I decided to face the music. The temptation to hide under the covers until who knew when was great, but my need to survive was greater. I fought the strong urge to run in place, delay the work that needed to be done. Instead I dove right in, crying, weeping, railing at God, sorting, donating, rearranging my home and my life. I wanted to blur the edges of my life with Chuck as I entered into the unknown. Little did I know that this was the start of my new beginning.
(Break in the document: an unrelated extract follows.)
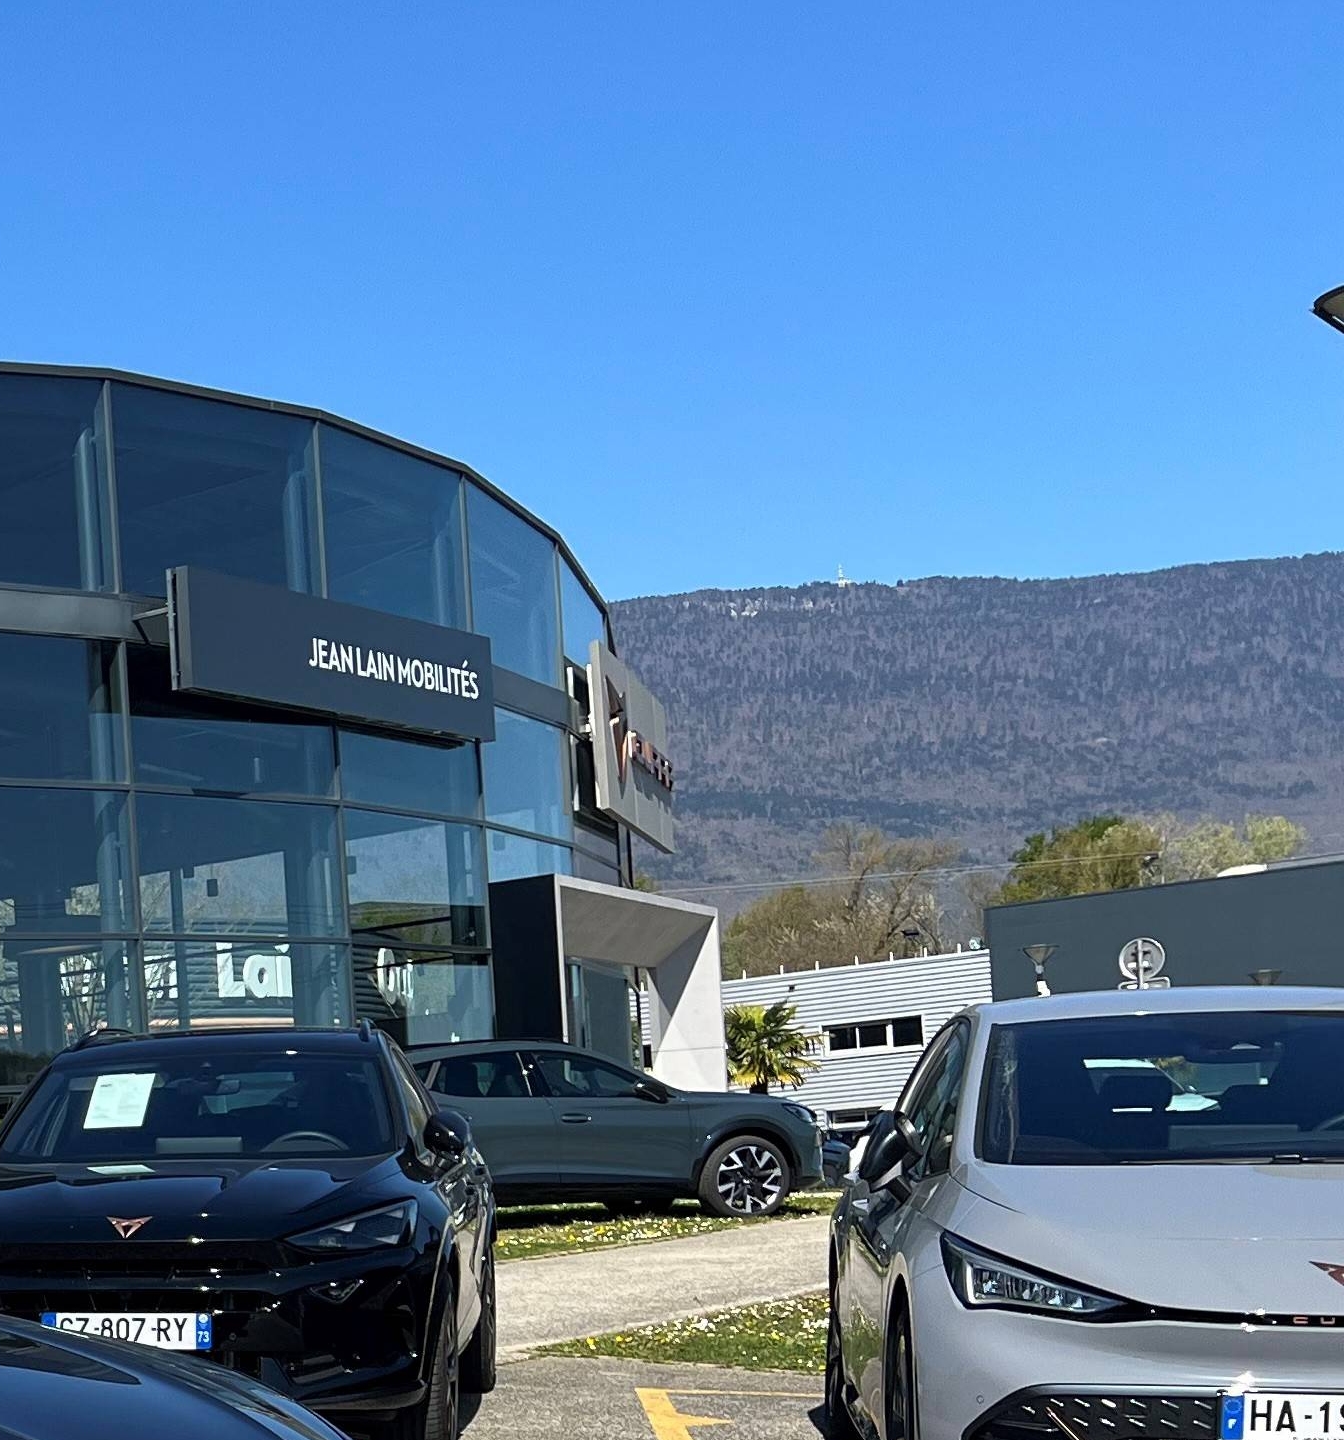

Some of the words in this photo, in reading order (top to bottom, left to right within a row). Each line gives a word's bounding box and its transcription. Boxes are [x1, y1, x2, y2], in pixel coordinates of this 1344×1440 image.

As the eighth anniversary of my husband’s death approaches, I’m reminded of the time when everything in my life was changing.New business and residential development in my neighborhood,new friends, new work, new home. I had this feeling of hope throughout the year I cared for Chuck and that optimism, though buried within the shadow of my grief, would years later slowly emerge as I began to live my new life.
As I look back on it all I recall that I never took on the burden of “having to be strong”.For whom would I be doing this; to show somebody, what? I didn’t have small children that I had to be there for; I had only myself.When I look back on all I’ve accomplished since my husband’s death, I know that it’s this profound loss that has propelled and strengthened me.
My strength is not superficial,worn for the comfort of others. My strength is in the rebuilding of my spirit and my belief in the ultimate goodness of humanity, life ,love and the hope of finding joy again.
When you have lost a spouse, you must know in your soul, that you are not bound by the expectations of others. Some will tell you to be strong, you’ll get over it, you’ll be okay, but none of these words will mean anything to you. They are mere words from those who wish to help.
Finally,you can choose to ride the grief wave however you wish. You can swim parallel to it you can go with the ebb and flow of the wave, or you can dive right in, it’s all up to you. I would suggest that you succumb to your brokenness, feel the weakness that accompanies grief.Feel the pain and cry, cry, cry; do not hold it in. The grief journey is a life changing experience and it is meant to be. But, eventually, you will become stronger because of it as it will become the bedrock of your new beginning.
Loss will transform you and you will come out on the other side strengthened by your ability to have gotten through this journey and you will be emboldened by the knowledge that you can now face your new beginning.